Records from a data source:
☆ ☆ ☆ ☆ ☆ ☆ ☆

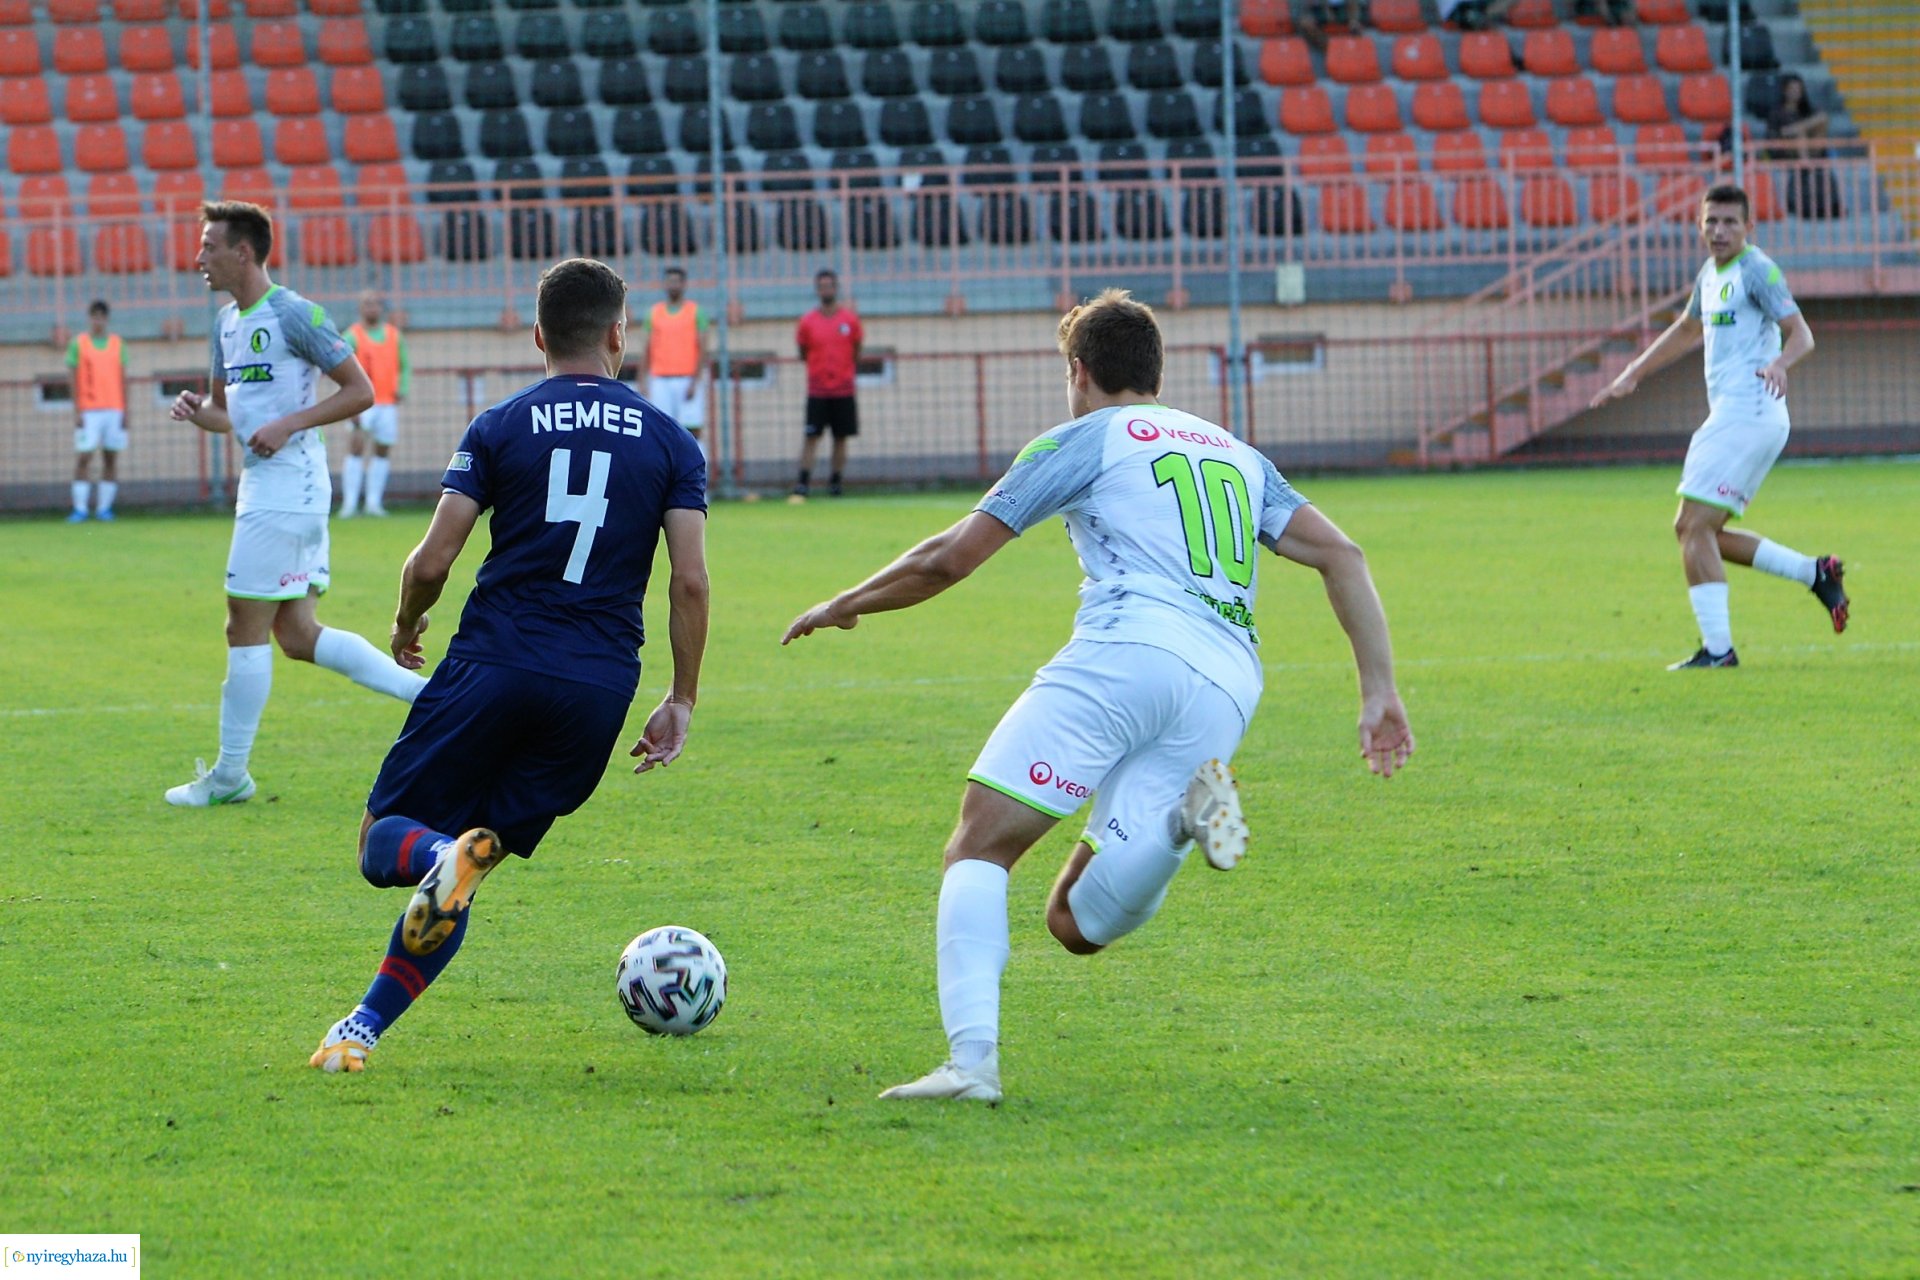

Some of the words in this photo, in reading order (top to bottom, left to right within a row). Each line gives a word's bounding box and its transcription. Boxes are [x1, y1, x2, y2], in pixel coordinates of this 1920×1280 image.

[530, 400, 643, 438] NEMES
[1161, 426, 1234, 450] VEOLIA
[545, 447, 612, 585] 4
[1151, 451, 1256, 589] 10
[1107, 817, 1129, 842] Das

☆ ☆ ☆ ☆ ☆ ☆ ☆

--- What you will do ---
An exact repeat of all the data is required, pictures excluded.

--- Problem solution ---
Some of the words in this photo, in reading order (top to bottom, left to right within a row). Each line gives a word's bounding box and its transcription. Boxes are [x1, y1, x2, y2], in pixel coordinates of this 1920×1280 image.

[530, 400, 643, 438] NEMES
[1161, 426, 1234, 450] VEOLIA
[545, 447, 612, 585] 4
[1151, 451, 1256, 589] 10
[1107, 817, 1129, 842] Das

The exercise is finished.